═══ Data records

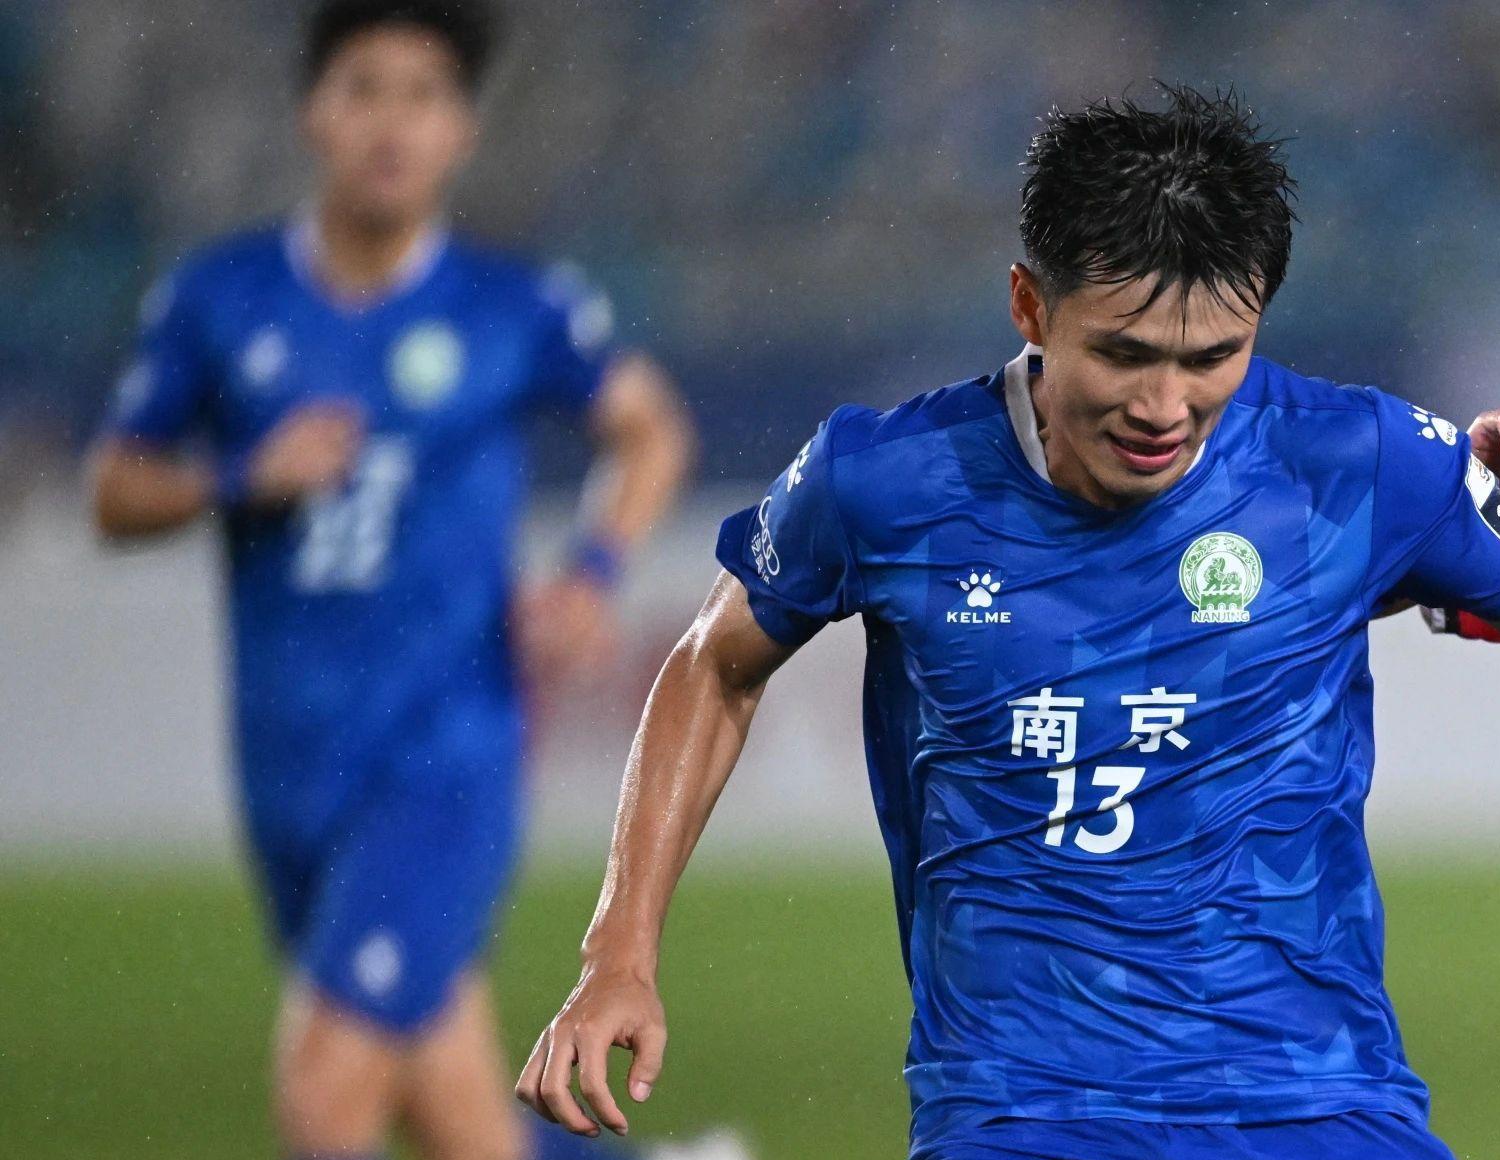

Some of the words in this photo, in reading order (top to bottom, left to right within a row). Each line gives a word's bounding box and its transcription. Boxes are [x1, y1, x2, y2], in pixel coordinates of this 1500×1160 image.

[946, 611, 1012, 624] KELME
[1191, 610, 1250, 623] NANJING
[1008, 686, 1198, 763] 南京
[1044, 765, 1146, 854] 13

══════

● **Exercise instructions**: A verbatim copy of all the records, minus the pictures, is the expected answer.

● **Answer for this exercise**:
Some of the words in this photo, in reading order (top to bottom, left to right within a row). Each line gives a word's bounding box and its transcription. Boxes are [x1, y1, x2, y2], in pixel coordinates of this 1500×1160 image.

[946, 611, 1012, 624] KELME
[1191, 610, 1250, 623] NANJING
[1008, 686, 1198, 763] 南京
[1044, 765, 1146, 854] 13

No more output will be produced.